Dr. Allen Raynor, Pastor

Thursday, November 1, 2018

"Casting All Your Worries on the Lord" (Pt. 1) (Nov. 1, 2018)

Allen Raynor Weblog: “Casting All Your Worries on the Lord” (Pt. 1)

(Nov. 1, 2018)


          Several years ago I had a strong desire to attend seminary but there did not seem an obvious path for me to fulfill that desire.  I had prayed for a few years that God would open that door and provide the way.  I thought my prayer was being answered when, in the early 2000s Southern Seminary in Louisville, KY began offering online courses.  I signed up and began taking classes but after 3 semesters I had exhausted the number of hours (1/3 of the degree requirements) that they would allow to be taken online.  I finally resolved that I had to do what I knew I could have done all along but did not have enough faith to do; that was to simply resign my pastorate, rent a moving truck, and move to Louisville, KY, enroll in classes and allow God to take care of the details.  So, after a few weeks of dedicated prayer I announced my resignation in December and in January we loaded our belongings on a truck and with our 4 young children moved to Sellersburg, Indiana just across the Ohio river from Louisville, KY home of The Southern Baptist Theological Seminary.  There were many unanswered questions and many fears and anxieties crept in, but my faith in God was strong.  In my heart and mind, this was what God was leading us to do.  The short version of what happened is that God did indeed provide in ways I could never have imagined.  He provided for us financially through a handful of people, he gave us a great church, great friends, a great place to live, and the on-campus experience at the seminary was so much more than I could ever have imagined.  In 2004 I earned my long-desired Master of Divinity degree.

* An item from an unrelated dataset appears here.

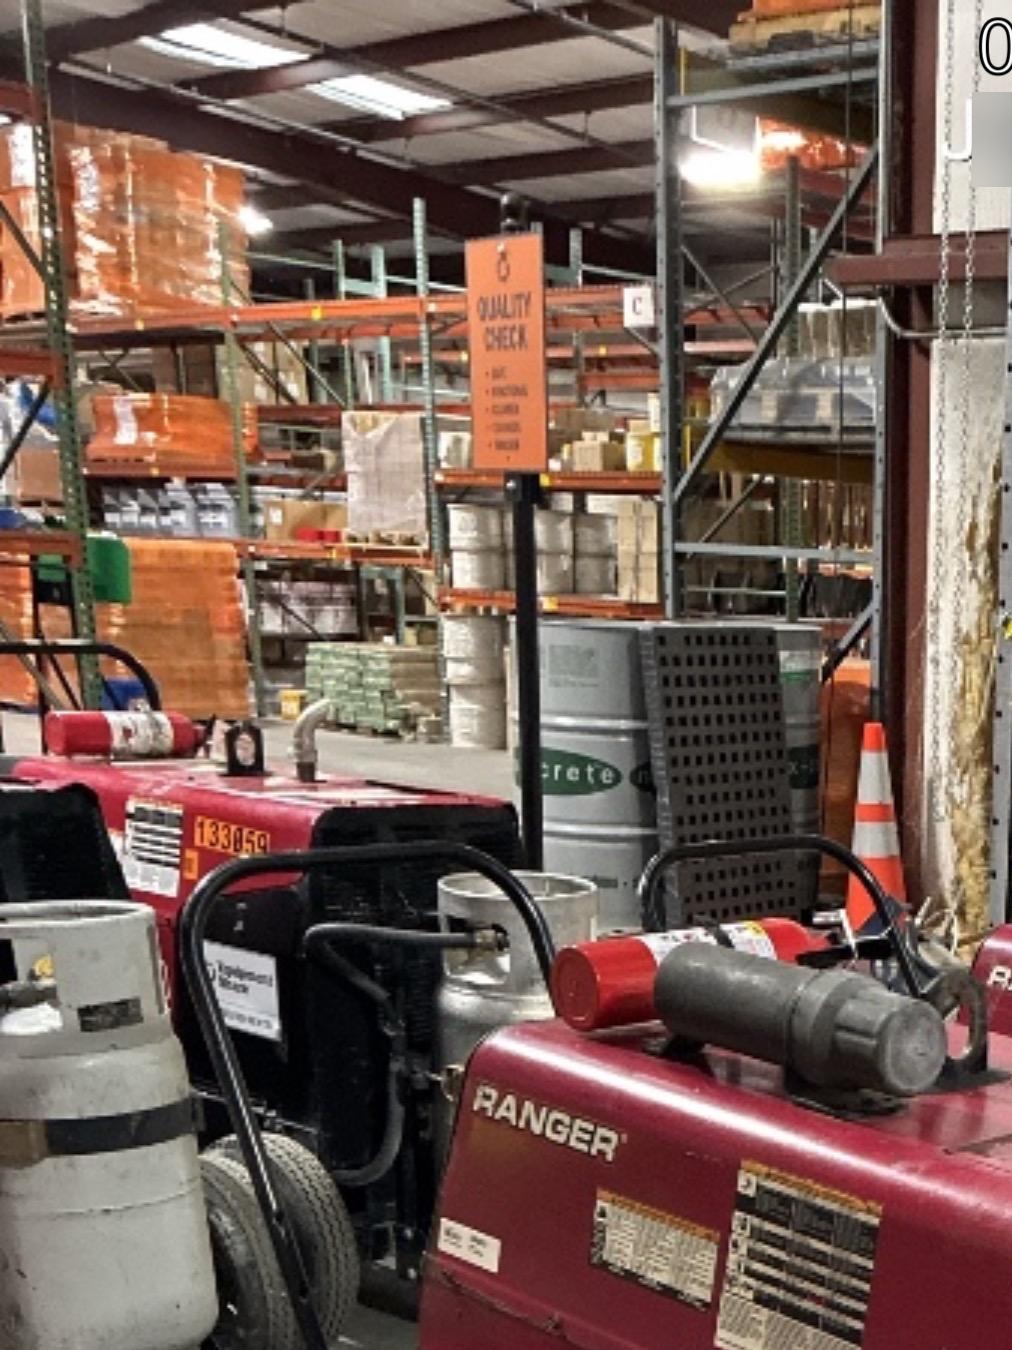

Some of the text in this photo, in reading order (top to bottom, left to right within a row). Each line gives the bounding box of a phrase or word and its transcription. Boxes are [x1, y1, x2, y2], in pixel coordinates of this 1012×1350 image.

[476, 291, 532, 321] QUALITY
[483, 324, 529, 352] CHECK
[472, 1084, 620, 1163] RANGER

          There is an old saying which goes “Never be afraid to trust a known God, to handle an unknown future.”  Jesus knew people’s natures and he knew they would always be prone to worry so He gave us many assurances in His Word.  One thing I learned through my seminary experience and through many twists and turns that life brings is that God often takes a step back from us in order that we might grow toward Him.

          Jesus said in His Sermon on the Mount “Therefore I say to you, do not worry about your life, what you will eat or what you will drink; nor about your body, what you will put on.  Is not life more than food and the body more than clothing? (Mat. 6:25)  The conjunctive word “therefore” in vs. 25 links together what has been said with what is now being said.  Clearly this passage has a connection with money/wealth/riches just like the last passage discussed by Jesus in vs. 24 where He said “No one can serve two masters; for either he will hate the one and love the other, or else he will be loyal to the one and despise the other.  You cannot serve God and mammon.” (Mat. 6:24)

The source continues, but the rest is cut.